** Data in this exercise follows **
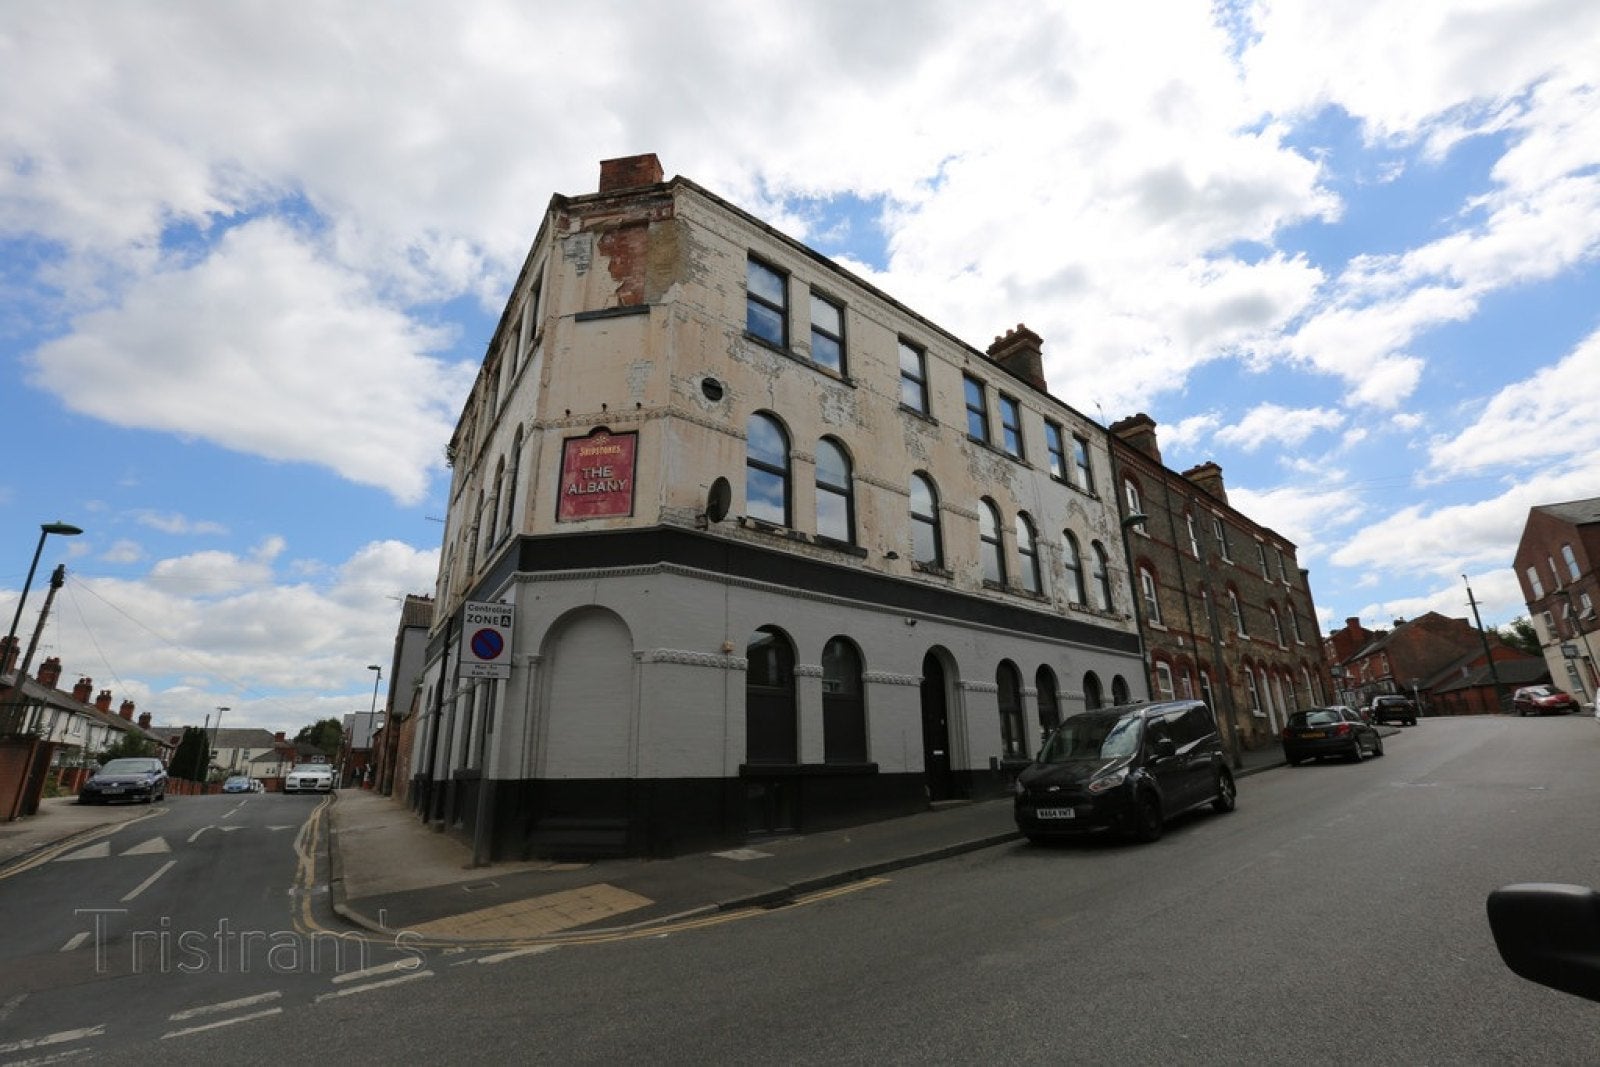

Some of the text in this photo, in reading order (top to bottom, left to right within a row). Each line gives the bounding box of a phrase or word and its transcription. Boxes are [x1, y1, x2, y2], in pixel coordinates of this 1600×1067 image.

[582, 465, 614, 479] THE
[568, 479, 627, 495] ALBANY
[468, 604, 512, 615] Controlled
[466, 613, 499, 625] ZONE
** End of Data in this exercise **
Your assignment >>
What is needed is a verbatim copy of every entry, with the pictures omitted.

Task result >>
Some of the text in this photo, in reading order (top to bottom, left to right within a row). Each line gives the bounding box of a phrase or word and its transcription. Boxes are [x1, y1, x2, y2], in pixel coordinates of this 1600×1067 image.

[582, 465, 614, 479] THE
[568, 479, 627, 495] ALBANY
[468, 604, 512, 615] Controlled
[466, 613, 499, 625] ZONE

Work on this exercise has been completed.